<<
>>

Концепции посткоммунистических трансформаций

Вклад Ральфа Дарендорфа[157]. Первым уловил суть проблемы так называемого переходного периода Ральф Дарендорф, иронизируя над неологизмом «пост.» и называя его «постизмом». Приставка «пост», отмечает он, означает неспособность атрибутивно определить наступающее или наступившее состояние.

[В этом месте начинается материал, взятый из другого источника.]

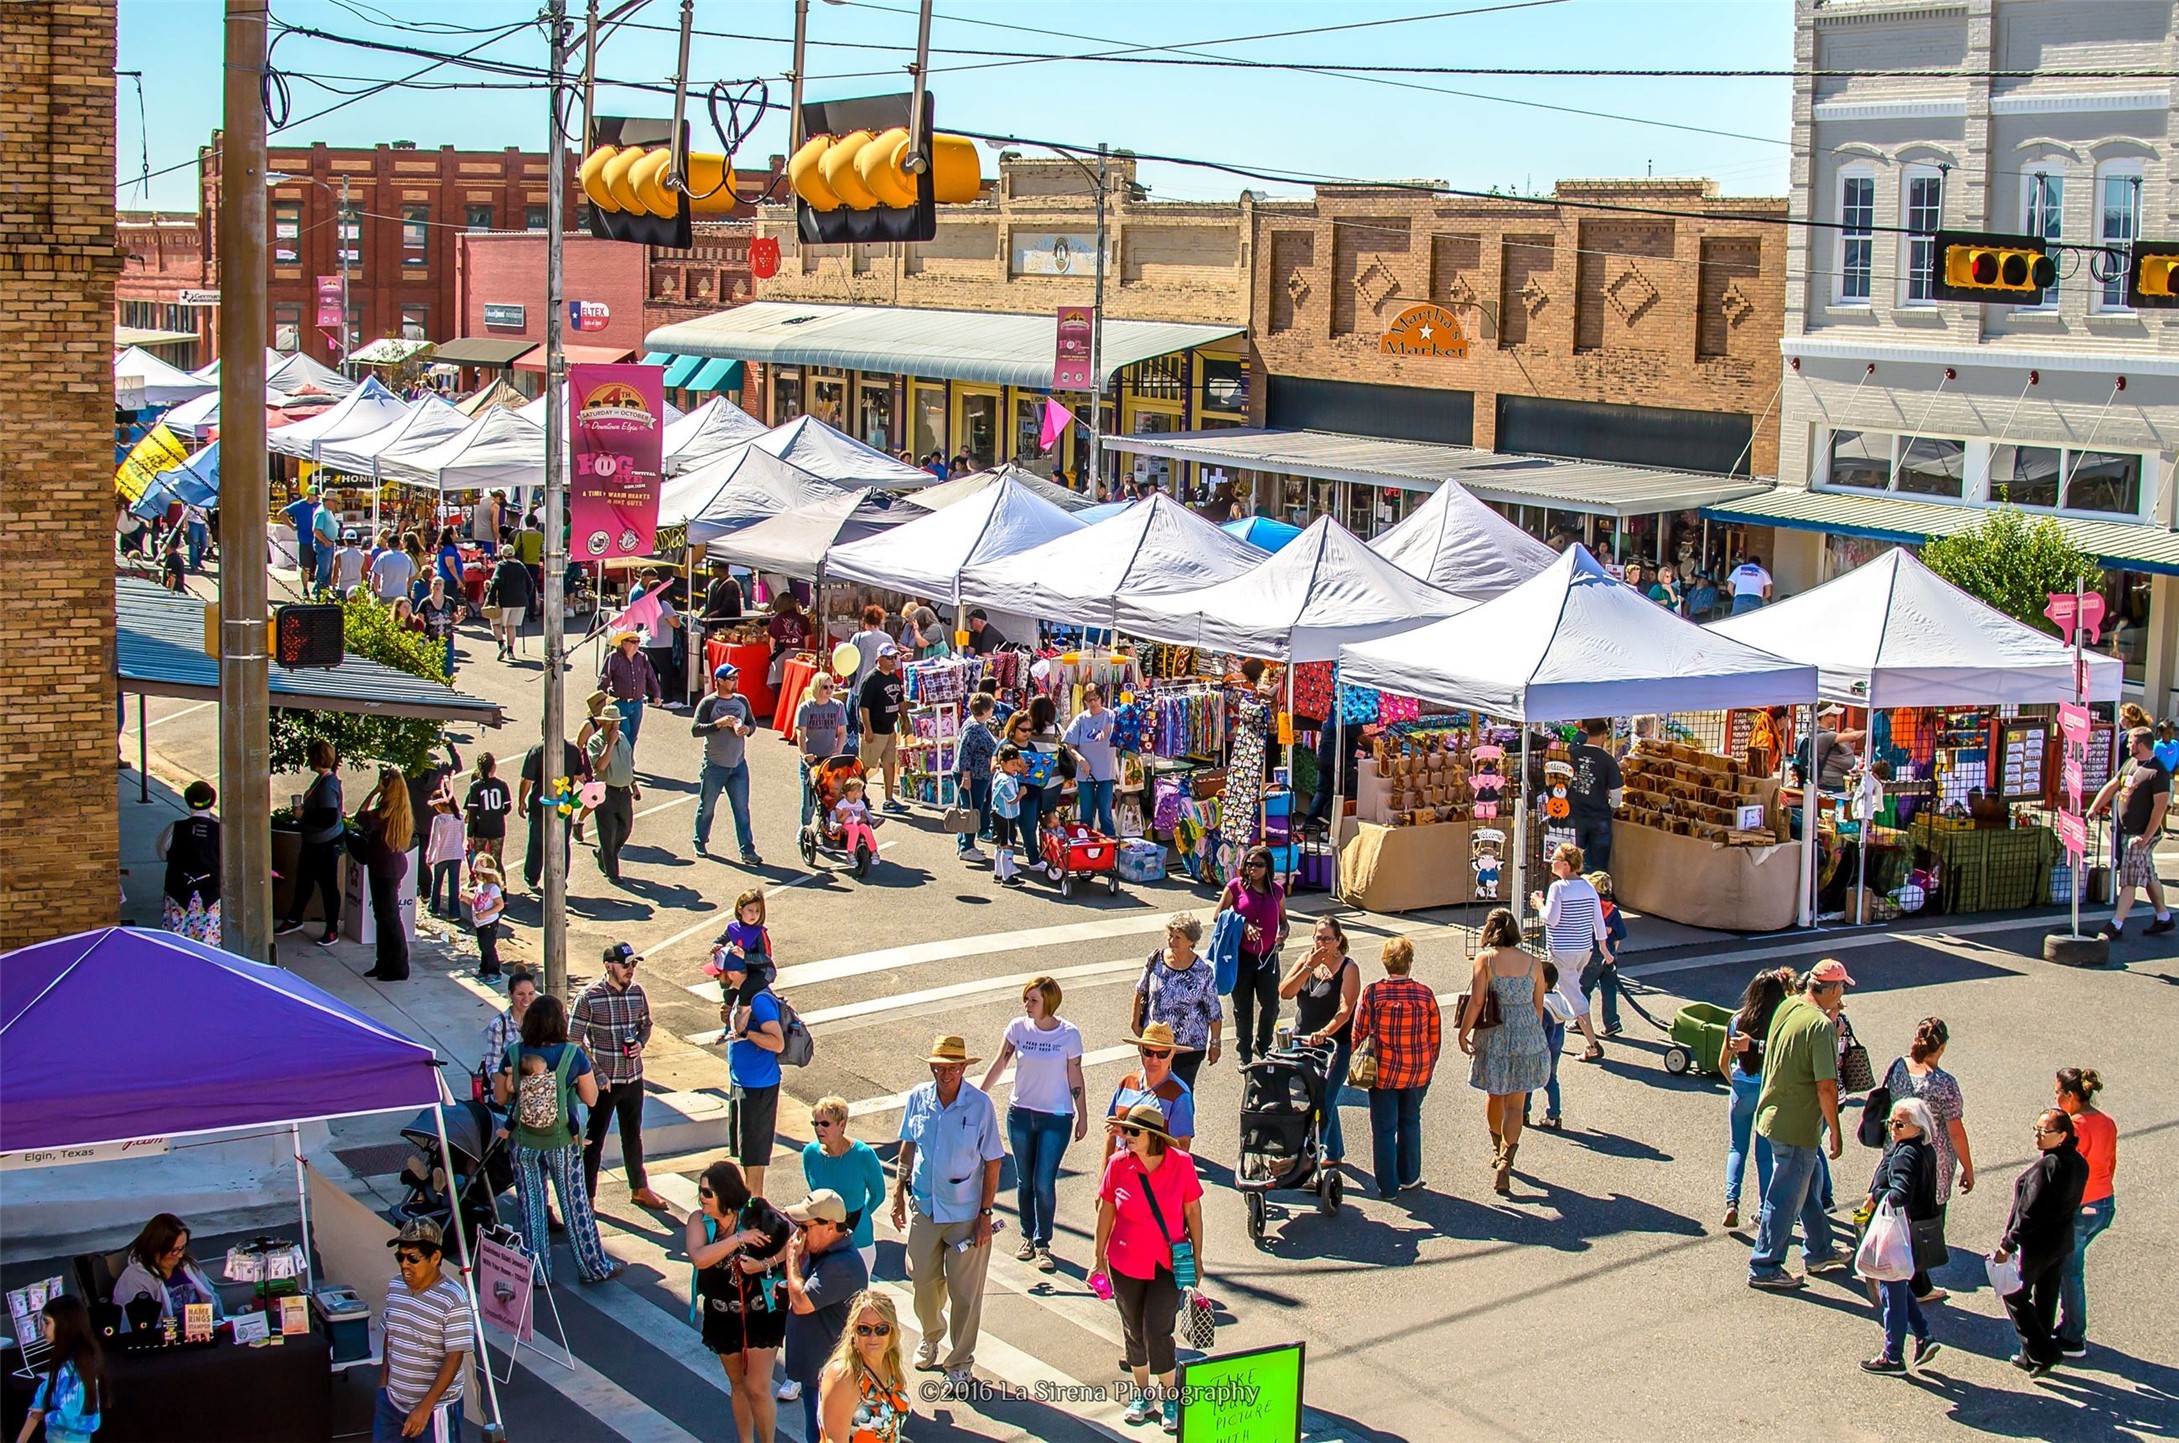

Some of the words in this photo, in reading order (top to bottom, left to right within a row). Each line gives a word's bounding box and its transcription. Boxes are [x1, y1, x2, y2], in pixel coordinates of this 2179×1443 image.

Кроме того (и это главное), постсостояние неизбежно содержит в себе противоречие между воздействием традиций недавнего прошлого и их публичным отвержением. Дарендорф схватил самую суть проблемы «перехода». Впоследствии появились словечки «кентавризм», «мексиканизация» и др. В самом деле, как можно было понять фразу Б. Ельцина — первого президента страны после распада

Союза: «Пусть каждая республика России берет себе столько прав, сколько сумеет удержать». Эта формула — точная иллюстрация второго тезиса Дарендорфа. Если в СССР частный, особый интерес непрекословно должен был быть подчинен общему (коллективному, государственному), то теперь следует действовать прямо наоборот? Чтобы исправить положение, ныне действующий президент начал именно с установления вертикали власти, что представляется стратегией «перегибания палки». Это любимое Лениным выражение Плеханова означало, что лучше «пережать», чем недожать, добиваясь радикальных перемен.

Теория Ильи Пригожина. Важнейшая особенность переходного состояния в том, что оно чревато неожиданными бифуркациями, требующими принятия «судьбоносных решений». Нобелевский лауреат Илья Пригожин предложил теорию «динамического хаоса» применительно к анализу социальных процессов. Главный принцип теории: неожиданные события могут стать поворотным пунктом в последующей динамике всей социально-политической и экономической ситуации (у нас за последние годы это дефолт, Хасавьюртский договор с Чечней, избрание В. Путина президентом, административные реформы после бесланской трагедии). Поэтому доминирует прагматизм принятия решений по ситуации.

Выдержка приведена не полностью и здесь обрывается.